The weather in Los Angeles had been a colder that week, we were on a stakeout in the car without heat and Kensi said the corduroy kept her warmer. I didn't argue, just admired the way the twisted fiber of the woven fabric changed color as she brushed her hands back and forth over her thighs. The corduroy was a green hue, turned darkly emerald as she ran a hand towards her knee and a paler shade that reminded me of the juniper trees by the ocean as her hand smoothed back towards her hip.

Thankfully we were in Santa Monica near the pier with plenty of food options nearby. While I stayed behind to watch our suspect Kensi went to a nearby vendor for lunch. I shouldn't have been surprised that it was at that moment our suspect went on the move, heading down the street in Kensi's direction.

I exited the car and walked swiftly towards Kensi where she stood in line, paying for the sandwiches and water. I kept our suspect in sight, watching as he paused to stand in line behind Kensi. Coming up behind her I gained a new appreciation for corduroy and how the fabric looked soft to the touch and the light and shadows made the color change as she moved, shifting from one foot to the other. The pants were styled like jeans and fit her like a glove, stretched down her long legs to the creases in the fabric behind her knees and all the way to where the hemline flared a little to brush against the sidewalk.

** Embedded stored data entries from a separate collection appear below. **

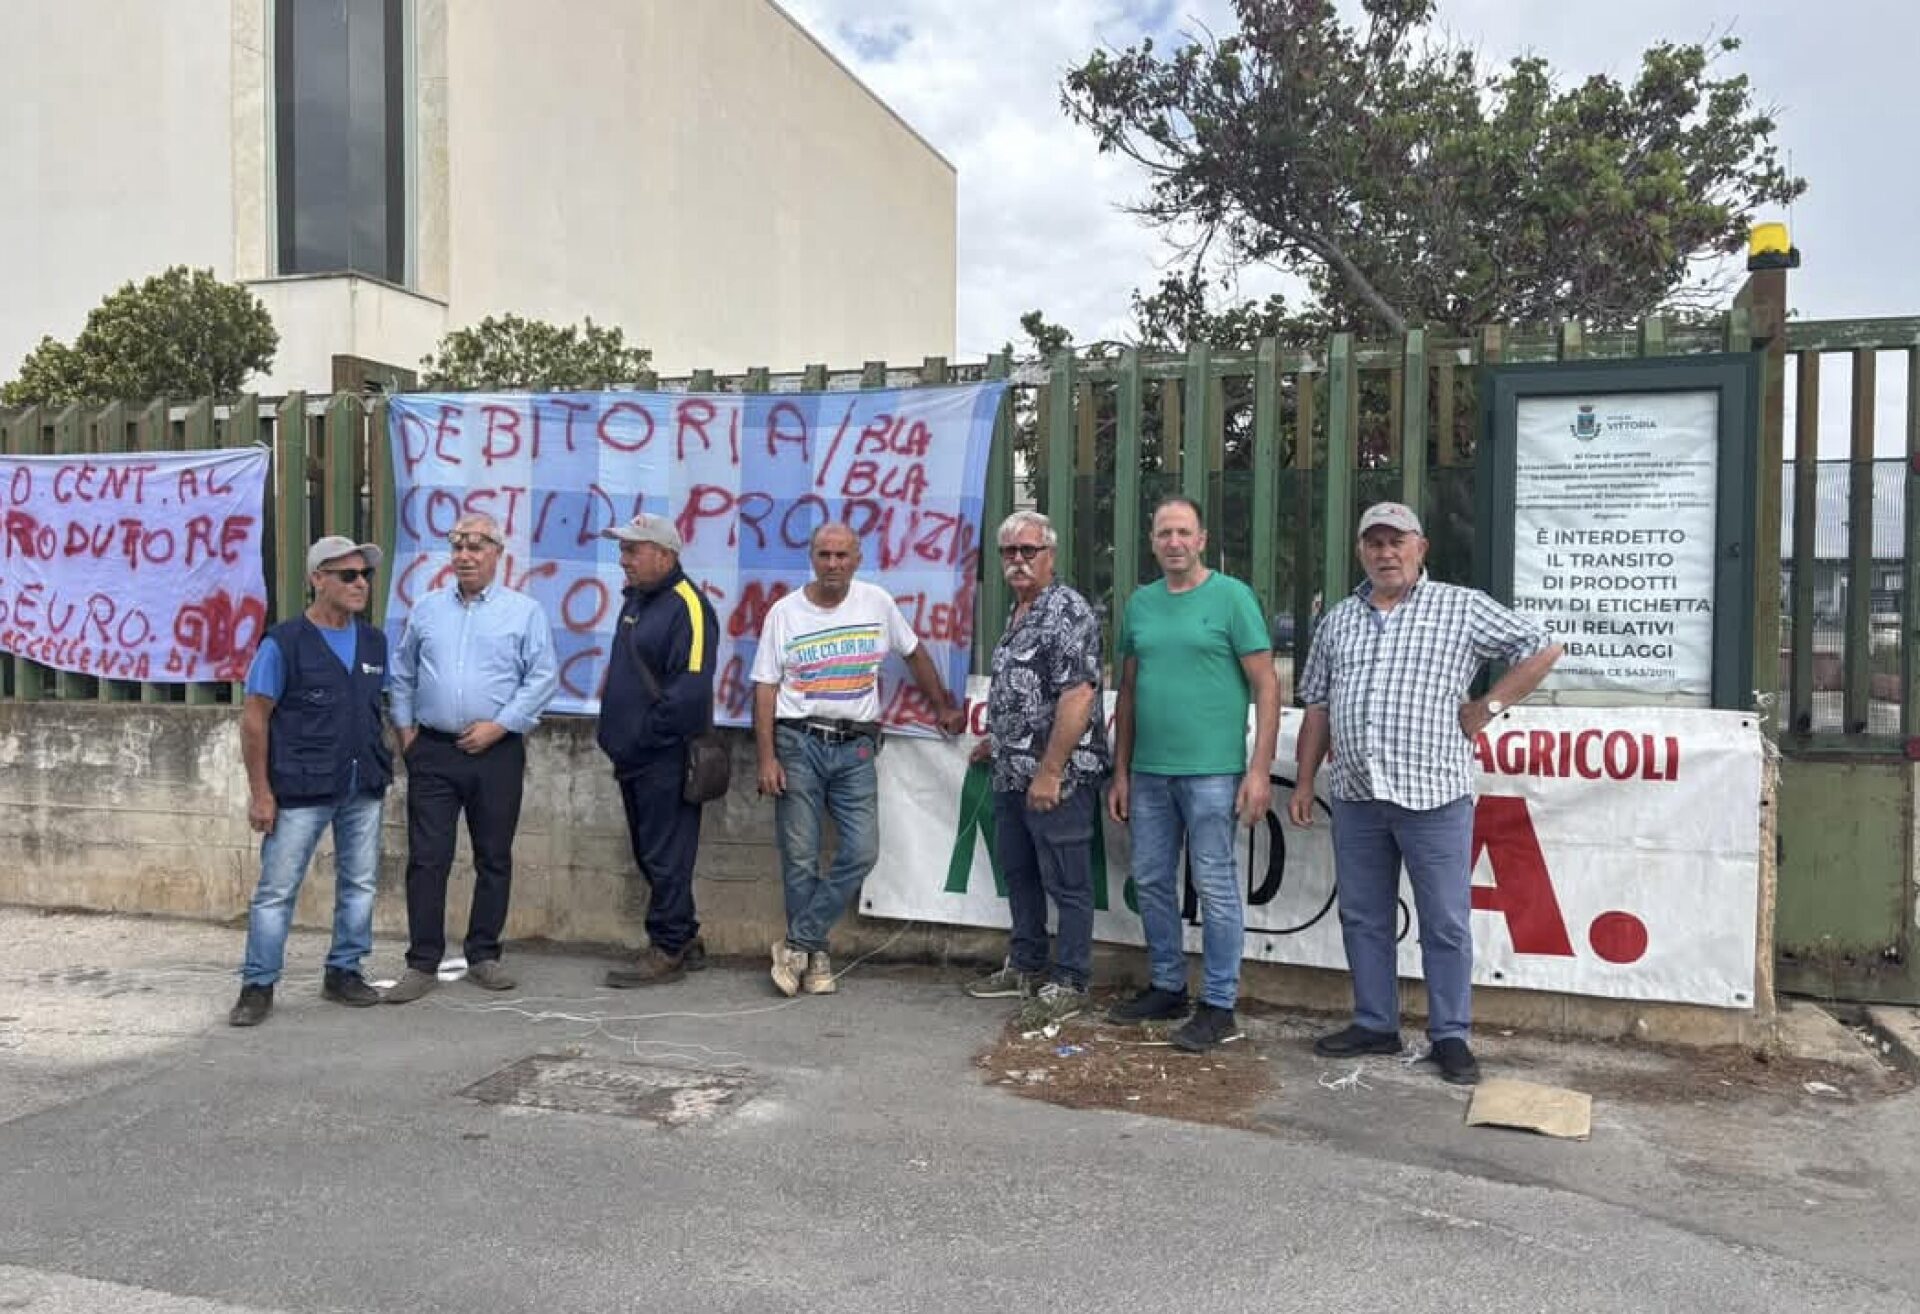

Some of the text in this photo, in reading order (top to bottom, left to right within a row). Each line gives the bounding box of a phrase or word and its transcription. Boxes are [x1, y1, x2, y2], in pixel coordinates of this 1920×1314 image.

[402, 399, 809, 478] DEBITORIA
[855, 414, 934, 456] BLA
[841, 461, 930, 506] BLA
[0, 510, 255, 570] RODUTORE
[1536, 527, 1686, 545] È INTERDETTO
[1547, 552, 1674, 568] IL TRANSITO
[1543, 575, 1677, 590] DI PRODOTTI
[1512, 598, 1711, 613] PRIVI DI ETICHETTA
[1544, 619, 1674, 635] SUI RELATIVI
[1563, 642, 1673, 659] BALLAGGI
[1471, 728, 1680, 783] AGRICOLI

Thinking quickly, I stepped up behind Kensi, running a hand possessively down her back and over her backside, the velvet finish of the corduroy softly ridged under my fingers and palm. Kensi managed to hide the slight stiffening of her spine as she quickly realized it was me and not some lecherous guy she needed to flatten on the pavement for taking liberties.

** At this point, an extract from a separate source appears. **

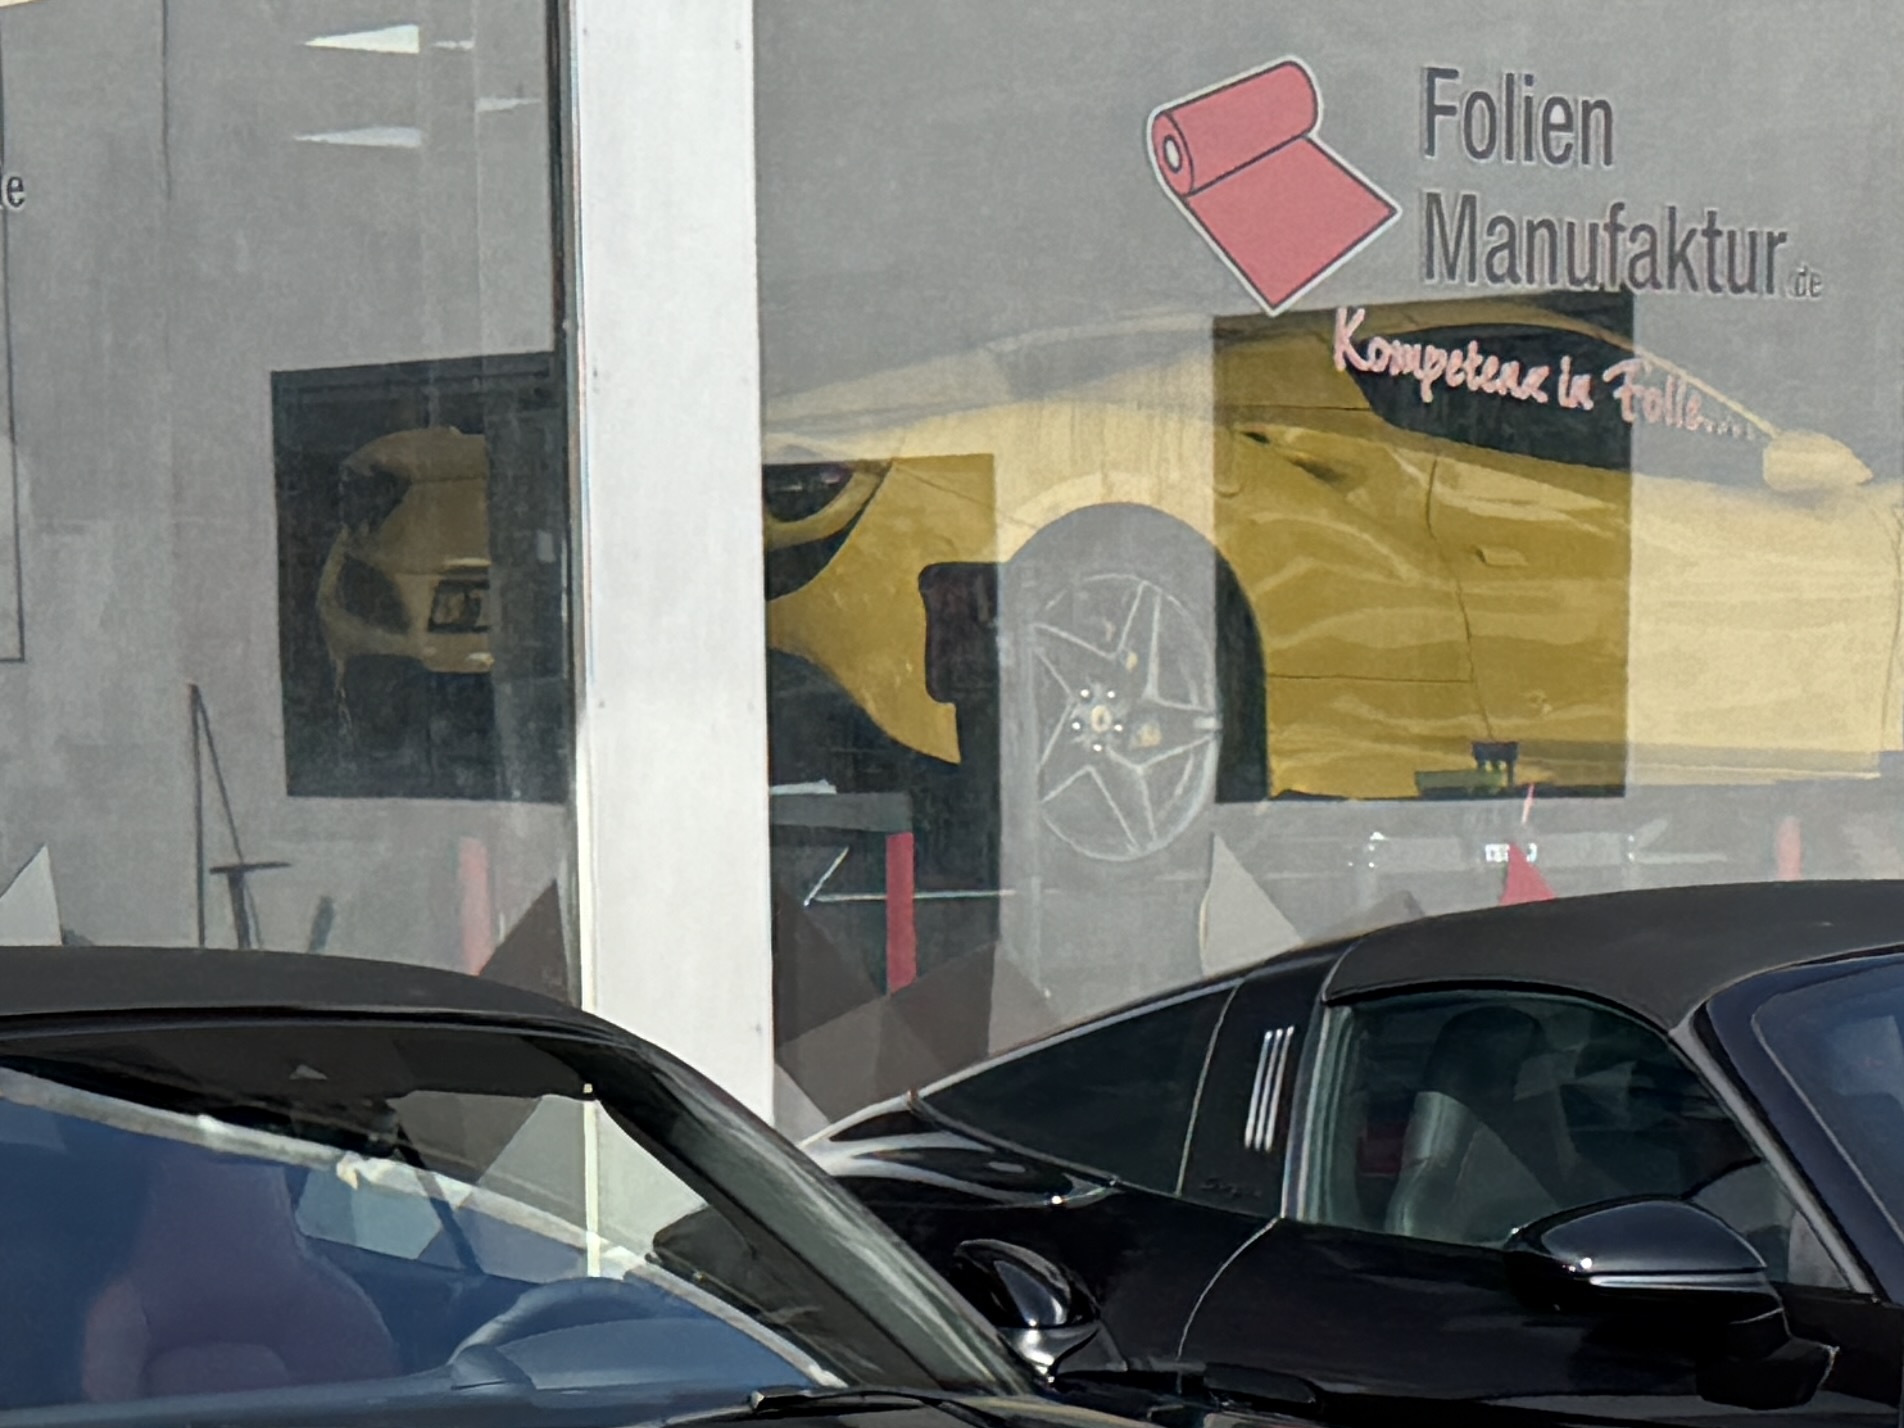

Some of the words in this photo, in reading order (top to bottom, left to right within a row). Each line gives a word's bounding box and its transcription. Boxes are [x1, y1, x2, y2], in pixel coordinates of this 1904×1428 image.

[1424, 66, 1614, 167] Folien
[1334, 306, 1550, 403] Kompetenz
[1558, 354, 1594, 411] in

Knowing I would probably pay for it later, I slipped my hand into her back pocket, effectively steering her away from the vendor and away from our suspect. Her arched eyebrow might have made me remove my hand except I was enjoying the feel of the soft corduroy stretched tightly over her rear and under my palm.

We returned to the car in order to follow our suspect as he got in his car and left the area and I reluctantly pulled my hand out of her pocket but left it resting low on her hip until well after anyone watching would notice. Kensi swatted my hand away but there was no real fire behind her anger. And as I turned the corduroy pants inside out to wash them, although the fabric was the same, somehow the feel was no where near as memorable.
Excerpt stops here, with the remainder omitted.